I hope, my darlings, that you end up with a collection of perfect summer days.

Riverside Ramble, with UFDs and a Cameo Appearance by My Cat

9 thoughts on “Riverside Ramble, with UFDs and a Cameo Appearance by My Cat

  1. rq

    Beavers are absolutely amazing engineers. They pack their dams with mud and grasses that make them extremely difficult to break down (everything gets woven together so that you can’t just remove one piece, everything needs to be untangled and it gets messy).
    When I was growing up, we’d make regular trips to the beaver stream to break down the dam, because it would flood the forest floor almost up to our backyard and the mosquitos would be nuts. They (the beavers) were fast, too – if we tore it down one day, in two days it would be back up and just as impressive. Sometime in early autumn we let them leave it up to have a nice deep pool of water for hibernating needs. But I’m still amazed by the intricacy of beaver work – no plans, no permits, but with simple materials and a whole lot of effort, they could make a water-proof wall taller than my dad.
    And apparently they ARE busy, doing most of their work underwater, but supposedly they’re constantly fixing and improving their structures, just not at times when humans are around to see.

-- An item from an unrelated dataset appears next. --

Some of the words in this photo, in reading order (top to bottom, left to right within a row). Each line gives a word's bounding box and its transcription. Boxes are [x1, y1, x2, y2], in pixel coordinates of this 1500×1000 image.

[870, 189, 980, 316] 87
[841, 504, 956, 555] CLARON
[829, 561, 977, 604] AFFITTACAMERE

    And the first bird is a species of sparrow again, I think. The more reddish ones are ones more partial to forests rather than cities.

  2. 2

    Sounds like somebody is ready for a more advanced camera:

    Someday, some genius will make a camera that understands what you’re trying to do, so that when I’m shouting, “No, no, don’t focus on the leaves and twigs! I want the bird! The bird!!” the camera will go, “Oh, right, sorry” and focus on the proper bit.

    These have already existed for a long time: some cameras have a simple collar around the lens that you turn to adjust the focus. Something like an Olympus Pen or Nikon 1 could be just the ticket. With a little practice you spin the collar past the focus point, then back past it the other way, then back to it stopping precisely on the proper bit. Squeeze the shutter release and the image is captured.

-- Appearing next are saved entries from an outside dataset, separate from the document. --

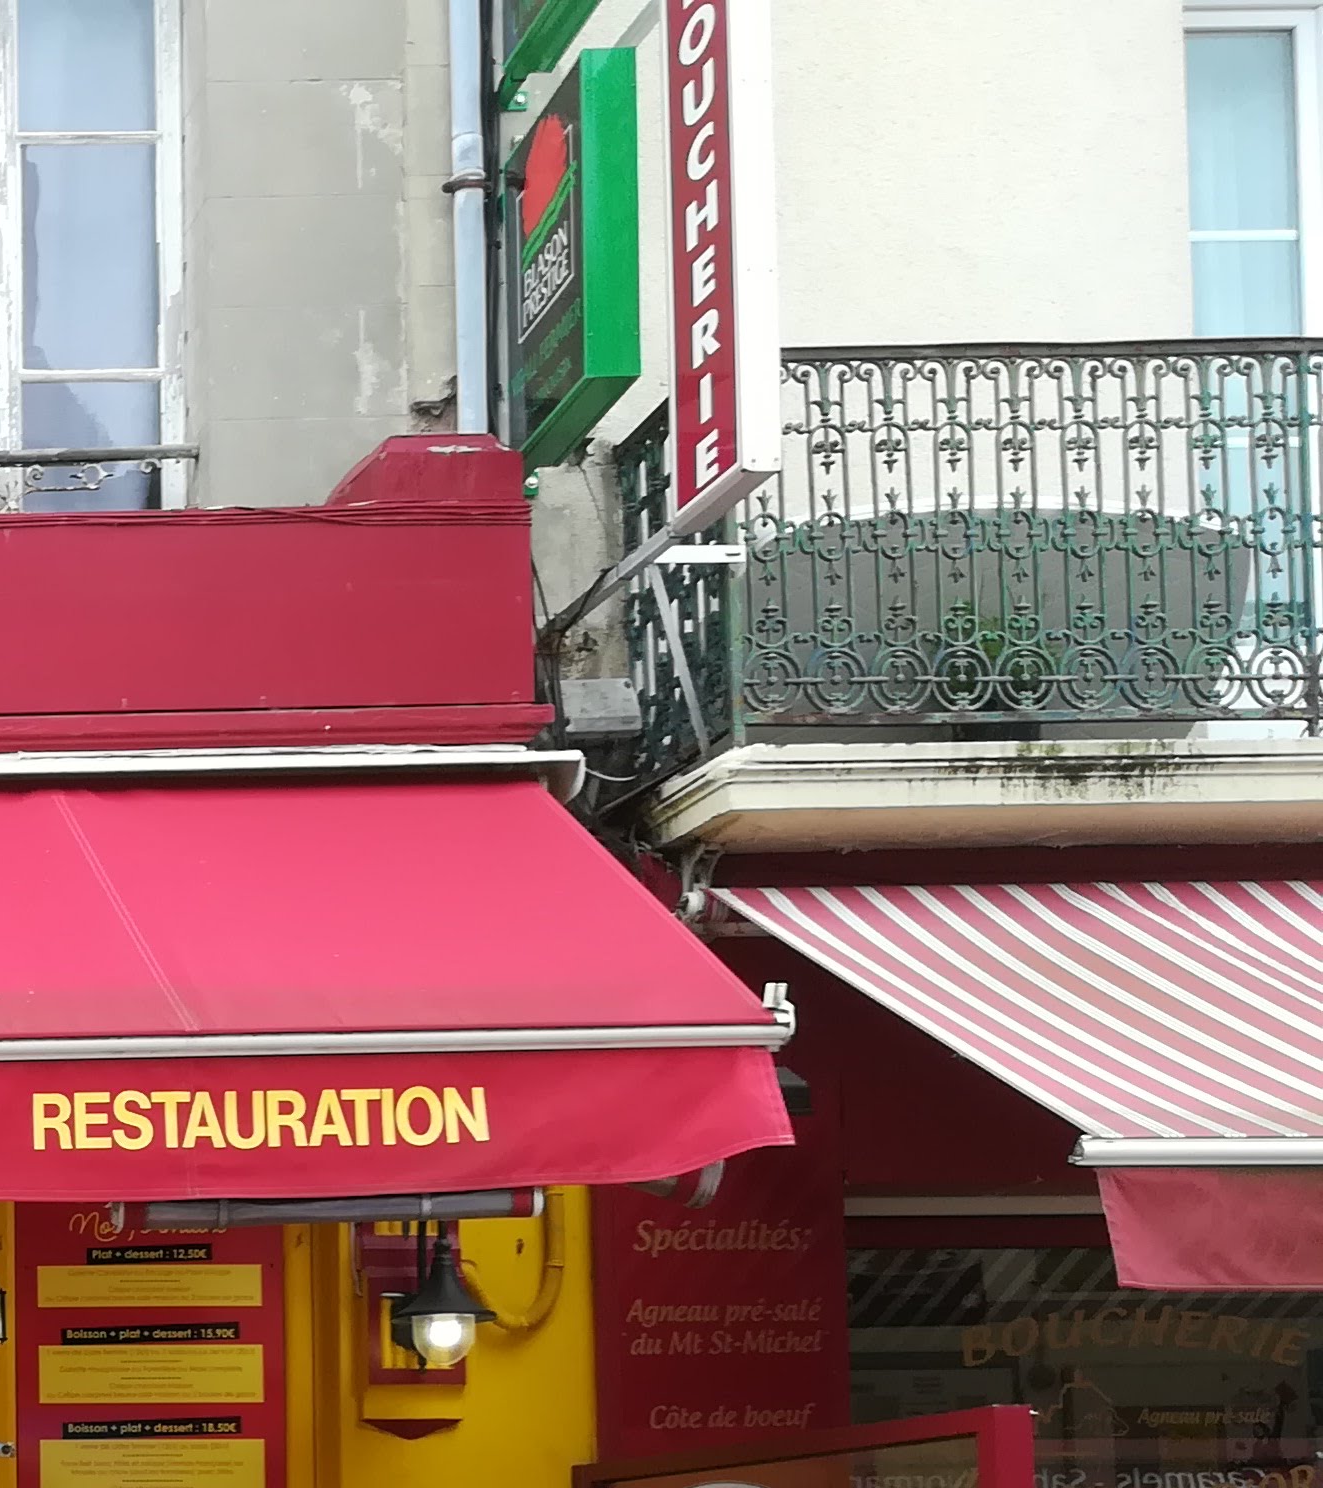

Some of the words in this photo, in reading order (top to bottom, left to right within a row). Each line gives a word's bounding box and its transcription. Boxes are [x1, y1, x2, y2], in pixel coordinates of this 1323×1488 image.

[678, 0, 721, 489] OUCHERIE
[523, 220, 570, 299] BLASON
[521, 248, 570, 329] PRESTIGE
[32, 1086, 490, 1151] RESTAURATION
[92, 1249, 113, 1260] Plat
[124, 1249, 164, 1260] dessert
[625, 1299, 719, 1328] Agneau
[724, 1297, 823, 1327] pré-salé
[66, 1329, 107, 1340] Boisson
[119, 1329, 141, 1342] plat
[152, 1328, 193, 1339] dessert
[630, 1332, 662, 1356] du
[668, 1331, 703, 1355] Mt
[961, 1304, 1311, 1369] BOUCHERIE
[67, 1422, 109, 1434] Boisson
[120, 1422, 142, 1435] plat
[154, 1421, 194, 1433] dessert
[649, 1404, 702, 1430] Côte
[708, 1405, 737, 1429] de
[743, 1403, 816, 1430] boeuf
[1136, 1407, 1200, 1427] Agneau

    Best of all, you never have to negotiate with some piece of software second-guessing what you want. It’s your brain, your hand, the subject and the camera.

  3. 4

    The first UFD is a song sparrow, I think. One of the native species adversely affected by the house sparrow of the previous UFD post. Still pretty common.

    The second one is a rufous-sided towhee, as I will insist on calling it. The ornithologists have, as their wont, changed the name apparently so it’s properly a spotted towhee. It’s appropriate that you caught it on the ground; they spend a lot of time there kicking the leaf litter back with their feet to find food.

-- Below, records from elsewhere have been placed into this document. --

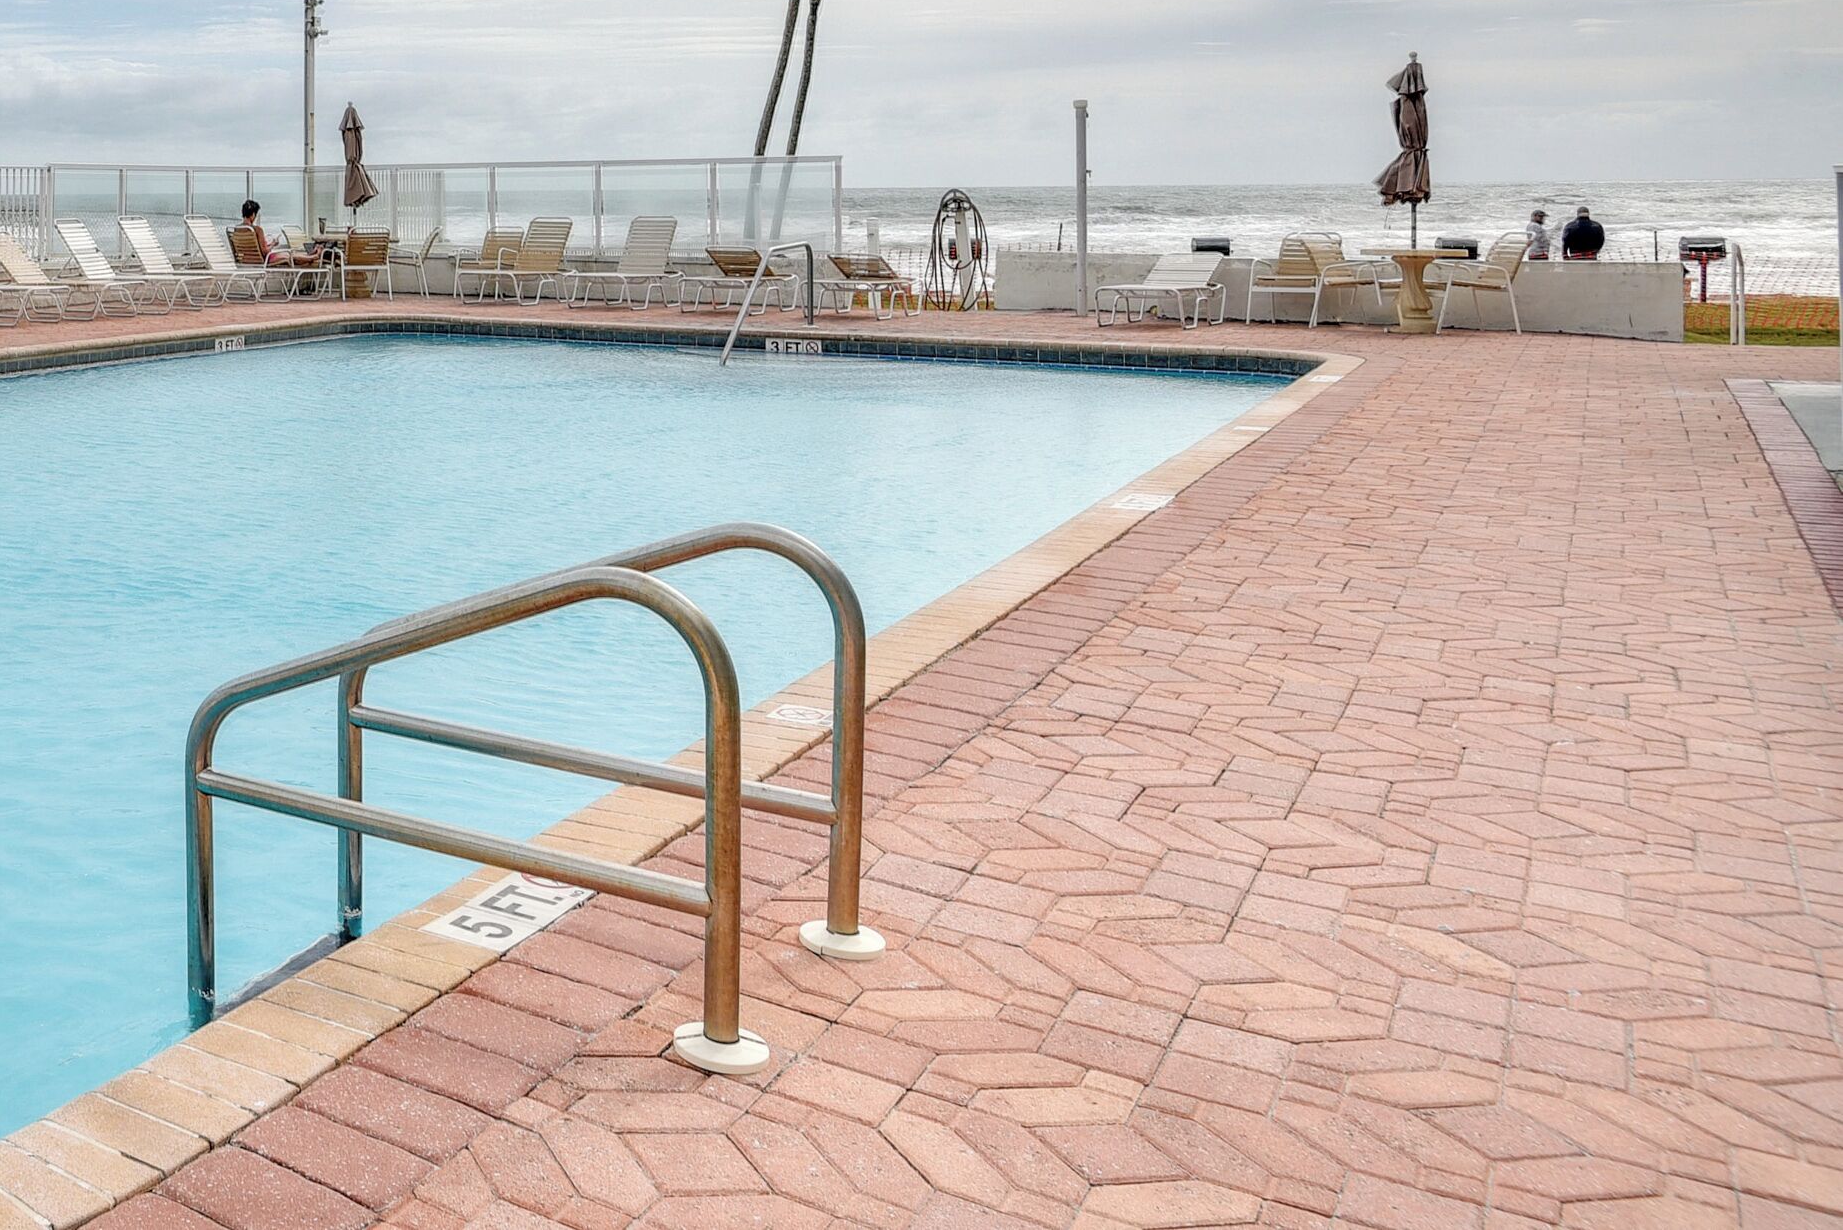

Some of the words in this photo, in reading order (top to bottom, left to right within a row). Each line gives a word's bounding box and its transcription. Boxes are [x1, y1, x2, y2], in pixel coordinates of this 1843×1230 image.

[225, 339, 235, 350] FT
[770, 341, 779, 353] 3
[785, 342, 802, 353] FT
[480, 884, 565, 921] FT.
[449, 915, 513, 939] 5

    I’m betting there were, in fact, ducklings. All your mallards are males, who don’t take part in child-rearing. The females and ducklings may have been back in the shrubbery. Come August, when mating is not on the agenda, the male mallards will lose their green heads for a while. They also lose their flight feathers and are unable to fly for a couple of weeks.

    Also — KITTY. One of ours was going nuts about an hour ago so I tossed a blanket over her. She’s still under it, sleeping.

    Thanks for the UFD posts; I really enjoy them.

  4. 5

    There used to be a fair amount of boat traffic, and the river got dredged and straightened for flood control and transportation purposes, if I remember the sign right.

    I wouldn’t be surprised. The Sammamish reminds me a lot of the Delaware Canal, which was constructed along the Delaware River so small barges could carry stuff between the Lehigh Valley and Philadelphia back in the 19th Century.

  5. 6

    The Sammamish River didn’t even used to be considered a river. It was better known, until pretty recently, as the Sammmamish Slough. Another place I should visit one of these days.

  6. 7

    Hi Trebuchet,
    What about the gull then? My guess is one of those annoying North Western things that hybridise with anything. (possibly not with Mallards though).

  7. 8

    Probably an immature Glaucous Winged Gull, since that’s the common species around here. Definitely an immature regardless. I wasn’t aware of them hybridizing, I’ll have to look that up!